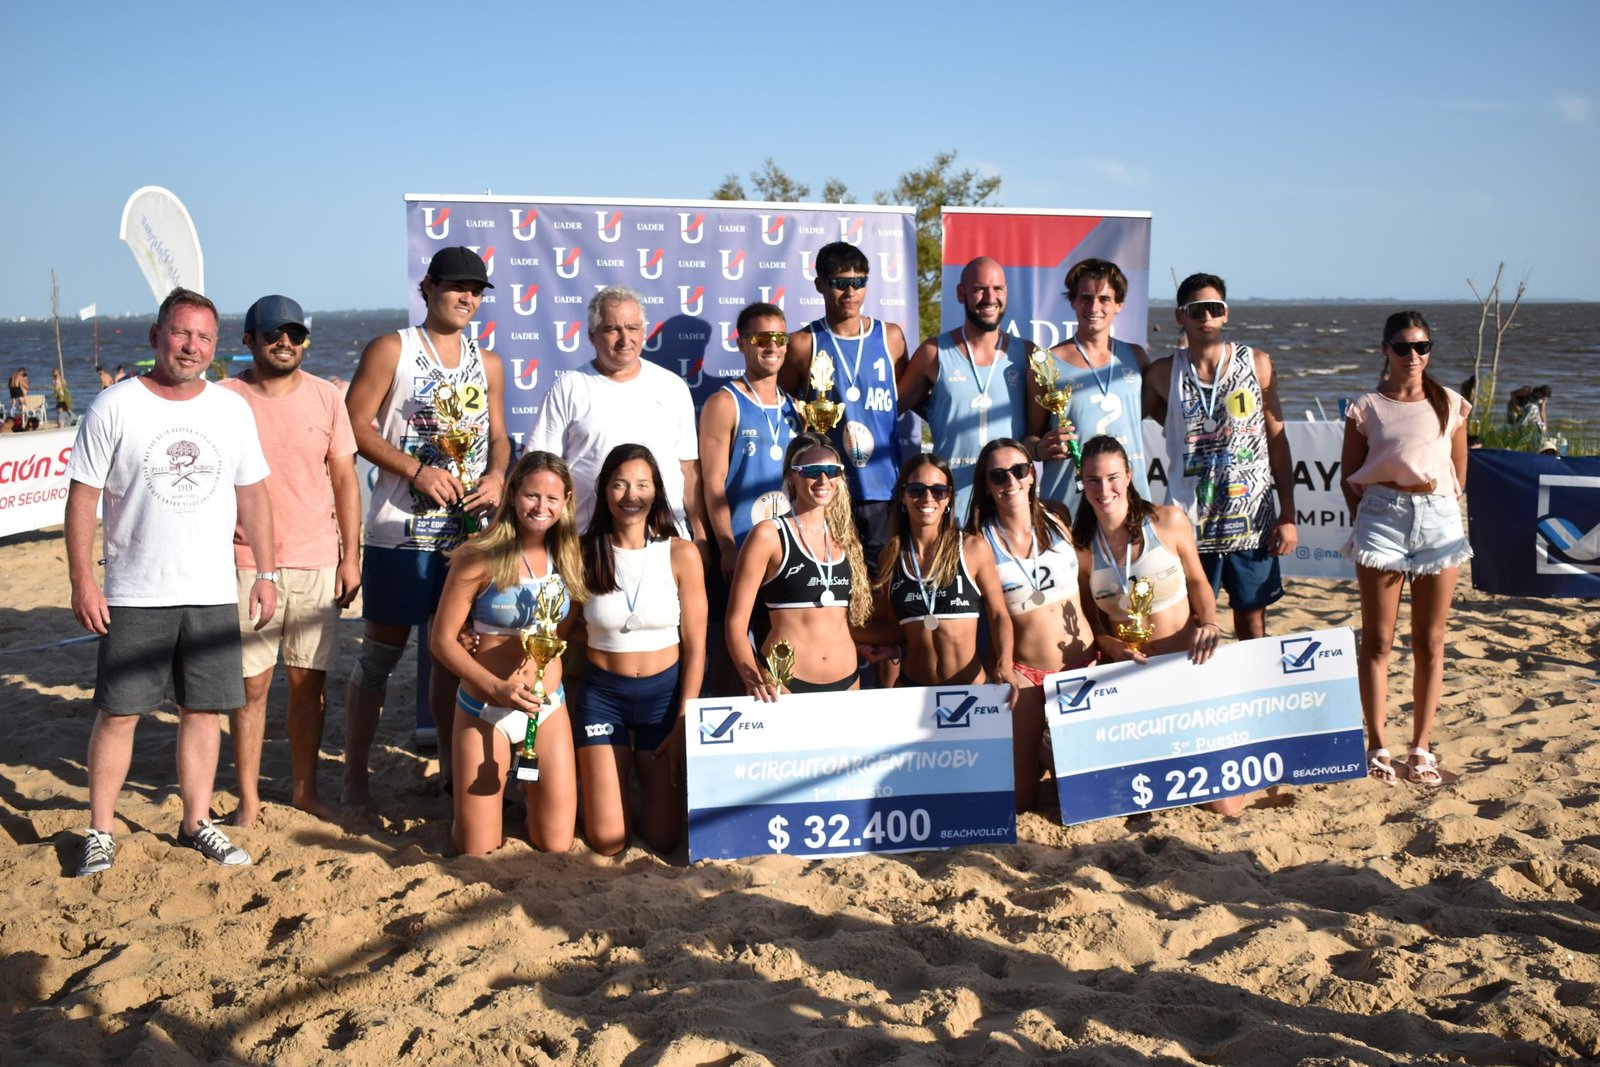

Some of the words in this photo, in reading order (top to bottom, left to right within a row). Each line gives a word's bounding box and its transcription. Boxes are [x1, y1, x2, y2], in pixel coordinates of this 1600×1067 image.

[422, 208, 450, 239] U
[466, 220, 495, 228] UADER
[509, 209, 538, 241] U
[554, 222, 582, 230] UADER
[595, 211, 623, 242] U
[637, 223, 664, 231] UADER
[678, 213, 704, 244] U
[759, 215, 785, 246] U
[510, 258, 539, 266] UADER
[553, 247, 581, 279] U
[637, 249, 665, 280] U
[719, 249, 746, 281] U
[510, 284, 539, 316] U
[555, 296, 582, 304] UADER
[678, 286, 704, 316] U
[719, 297, 745, 305] UADER
[880, 298, 906, 306] UADER
[553, 321, 581, 352] U
[678, 332, 706, 340] UADER
[511, 358, 540, 390] U
[873, 357, 886, 382] 1
[465, 386, 480, 410] 2
[865, 387, 893, 412] ARG
[1234, 392, 1246, 413] 1
[1297, 510, 1354, 527] MPI
[956, 575, 963, 594] 1
[1032, 566, 1055, 592] 2
[1318, 648, 1343, 659] FEVA
[1093, 686, 1118, 697] FEVA
[974, 705, 999, 715] FEVA
[1095, 691, 1327, 744] #CIRCUITOARGENTINOBV
[738, 721, 764, 731] FEVA
[1195, 730, 1249, 750] Puesto
[733, 749, 980, 781] #CIRCUITOARGENTINOBV
[1292, 763, 1360, 778] BEACHVOLLEY
[1131, 773, 1153, 808] $
[1165, 752, 1284, 802] 22.800
[835, 784, 893, 801] Puesto
[767, 814, 790, 854] $
[804, 808, 931, 849] 32.400
[940, 827, 1009, 839] BEACHVOLLEY

--*--

- Prompt: Type the records out again in full, exactly, with each picture omitted.

- Response:
Some of the words in this photo, in reading order (top to bottom, left to right within a row). Each line gives a word's bounding box and its transcription. Boxes are [x1, y1, x2, y2], in pixel coordinates of this 1600×1067 image.

[422, 208, 450, 239] U
[466, 220, 495, 228] UADER
[509, 209, 538, 241] U
[554, 222, 582, 230] UADER
[595, 211, 623, 242] U
[637, 223, 664, 231] UADER
[678, 213, 704, 244] U
[759, 215, 785, 246] U
[510, 258, 539, 266] UADER
[553, 247, 581, 279] U
[637, 249, 665, 280] U
[719, 249, 746, 281] U
[510, 284, 539, 316] U
[555, 296, 582, 304] UADER
[678, 286, 704, 316] U
[719, 297, 745, 305] UADER
[880, 298, 906, 306] UADER
[553, 321, 581, 352] U
[678, 332, 706, 340] UADER
[511, 358, 540, 390] U
[873, 357, 886, 382] 1
[465, 386, 480, 410] 2
[865, 387, 893, 412] ARG
[1234, 392, 1246, 413] 1
[1297, 510, 1354, 527] MPI
[956, 575, 963, 594] 1
[1032, 566, 1055, 592] 2
[1318, 648, 1343, 659] FEVA
[1093, 686, 1118, 697] FEVA
[974, 705, 999, 715] FEVA
[1095, 691, 1327, 744] #CIRCUITOARGENTINOBV
[738, 721, 764, 731] FEVA
[1195, 730, 1249, 750] Puesto
[733, 749, 980, 781] #CIRCUITOARGENTINOBV
[1292, 763, 1360, 778] BEACHVOLLEY
[1131, 773, 1153, 808] $
[1165, 752, 1284, 802] 22.800
[835, 784, 893, 801] Puesto
[767, 814, 790, 854] $
[804, 808, 931, 849] 32.400
[940, 827, 1009, 839] BEACHVOLLEY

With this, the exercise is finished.